2023-06-21 07:00:53 | 防衛・安全保障
■臨時情報-ウクライナ情勢
 ロシア海軍は5月31日にウクライナ海軍最後の艦艇ユーリオレフィレンコを破壊したと発表しましたが、それは正しくはありません。かつての海上警備隊の様に掃海艇から復活する。

 ウクライナ海軍はイギリスより供与を受けたサンダウン級掃海艇の訓練をほぼ完了させたとのこと。サンダウン級掃海艇は1989年に1番艇が竣工したイギリス海軍の主力掃海艇で満載杯資料は600t、15隻が建造されましたが中古艇エストニア海軍やルーマニア海軍への売却が行われておりイギリス海軍は2022年に退役した2隻をウクライナへ供与します。

 サンダウン級掃海艇のグリムズビーとショアハムが2022年に退役し、ウクライナ海軍はグリムズビーをチェルニヒウ、ショアハムをチェルカースイとして再就役させています。イギリス海軍はサンダウン級掃海艇をまだ3隻現役運用していますがこれらも、2025年までに全廃し、有人掃海艇そのものを廃止し新しい無人掃海システムへ置き換える方針です。

 ウクライナ海軍は現在壊滅状態で、黒海を任務海域とするウクライナ海軍はオデッサなどで温存されているものの出航できないままロシア海軍のミサイル攻撃に曝され、当面ウクライナは水上戦闘艦艇を運用しての反撃を想定していない為、都市防空などに防空部隊を集中しています。ここで、サンダウン級は貴重なウクライナ海軍の新戦力となるでしょう。
■サンダウン級掃海艇
 掃海艇をどのように回航するのかは重要な視点です。

 ウクライナ海軍がイギリスから受領したサンダウン級掃海艇について。その任務の重要性と共にウクライナへ回航できるのかという問題があるようです。現在トルコはロシアが戦争を開始した場合には黒海から外海である地中海へ至る唯一の海峡であるボスポラスダータネルス海峡のロシア及び交戦国であるウクライナの艦艇を航行禁止としています。
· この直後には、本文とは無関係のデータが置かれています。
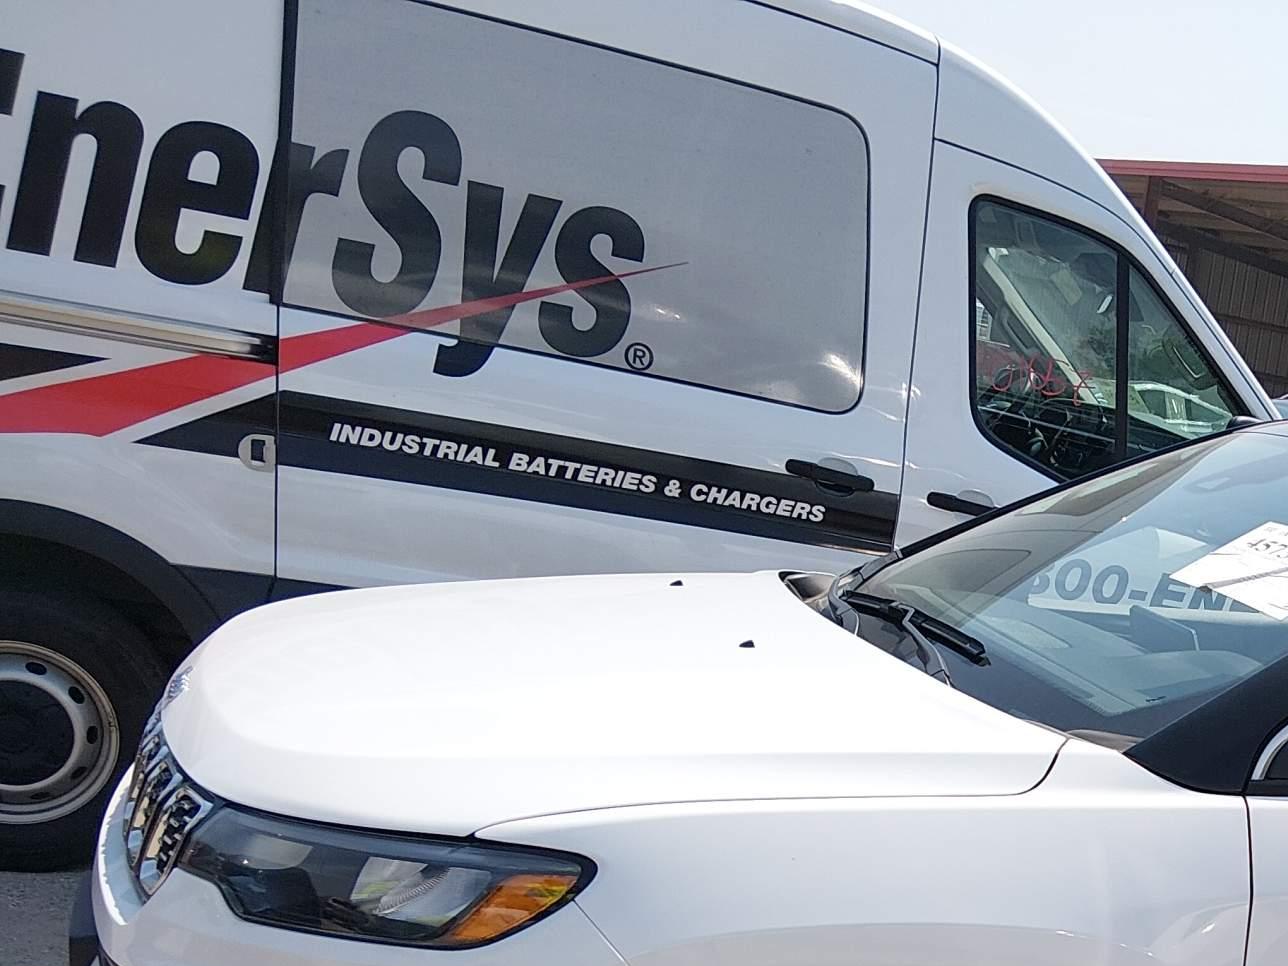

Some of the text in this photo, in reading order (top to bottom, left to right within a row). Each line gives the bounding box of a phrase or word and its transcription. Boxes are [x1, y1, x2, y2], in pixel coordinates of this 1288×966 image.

[329, 422, 825, 523] INDUSTRIAL BATTERIES & CHARGERS
 掃海艇のウクライナ海軍配備について、ウクライナ海軍は今後主力産業である穀物輸出を再開する為には黒海にロシア軍が大量に敷設した機雷との戦いが待っています。掃海艇はこの為に不可欠であると同時に海洋法執行をも担うイギリス海軍、30mm機関砲を備えたサンダウン級は哨戒艇としての用途があり、将来の停戦後にはその任務も期待されます。
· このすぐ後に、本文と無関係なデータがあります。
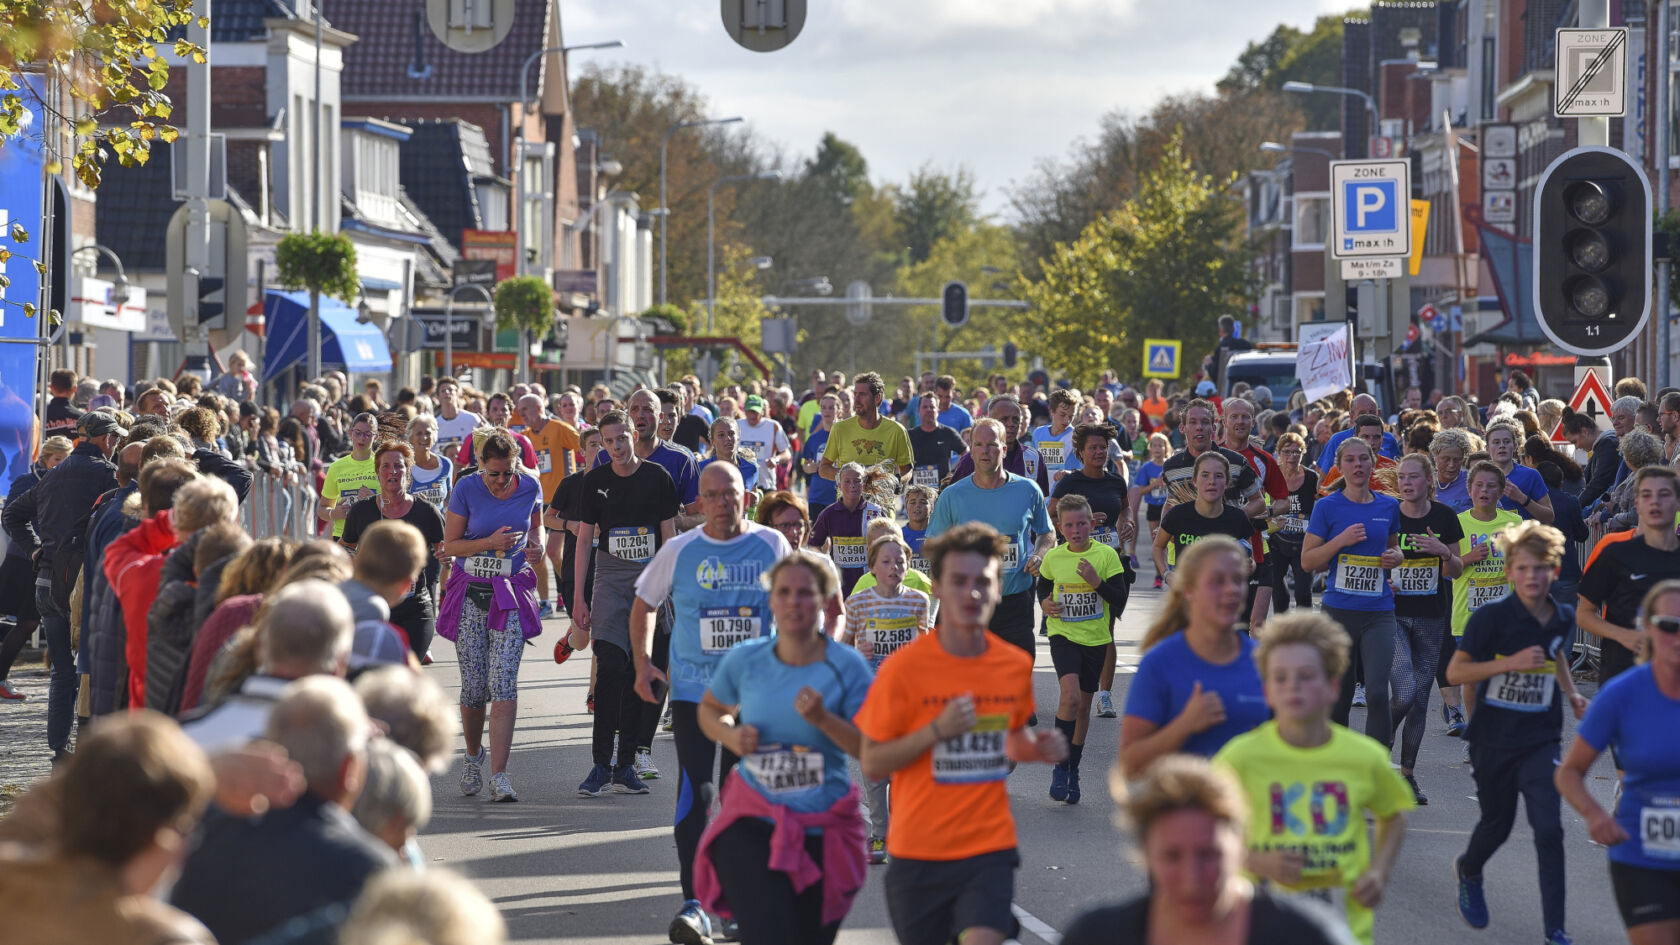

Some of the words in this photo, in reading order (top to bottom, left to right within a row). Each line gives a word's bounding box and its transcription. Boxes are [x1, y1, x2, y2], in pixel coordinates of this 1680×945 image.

[1577, 34, 1607, 43] ZONE
[1353, 167, 1386, 178] ZONE
[1356, 186, 1385, 228] P
[1355, 240, 1379, 248] max
[1350, 261, 1364, 269] Ma
[1365, 260, 1381, 268] t/m
[1383, 260, 1394, 268] Za
[1585, 325, 1600, 336] 1.1
[338, 475, 377, 484] GROOTEGAS
[1289, 503, 1302, 511] RE
[616, 536, 649, 548] 10.204
[616, 548, 649, 559] KYLIAN
[837, 545, 864, 554] 12.590
[474, 557, 502, 569] 9.828
[838, 555, 866, 563] SARAH
[1471, 559, 1505, 567] MERLIN
[1344, 565, 1379, 579] 12.200
[1399, 567, 1433, 579] 12.923
[1344, 577, 1377, 592] MEIKE
[1402, 579, 1430, 590] ELISE
[1475, 586, 1504, 598] 12.722
[1063, 592, 1098, 606] 12.359
[1065, 604, 1097, 617] TWAN
[710, 618, 752, 633] 10.790
[873, 629, 912, 643] 12.583
[1504, 672, 1546, 688] 12.341
[1498, 686, 1544, 704] EDWIN
[1647, 815, 1680, 841] CO
 ボスポラスダータネルス海峡の封鎖はローザンヌ条約とモントルー条約に基づくものであり、イギリス近海で訓練を受けている旧サンダウン級掃海艇チェルニヒウ、チェルカースイについてもその適用が想定されます。海峡は最狭部で800m、ただ、黒海に入ればロシア巡航ミサイルの標的となる懸念が有り、今後の旧サンダウン級運用に関心は尽きません。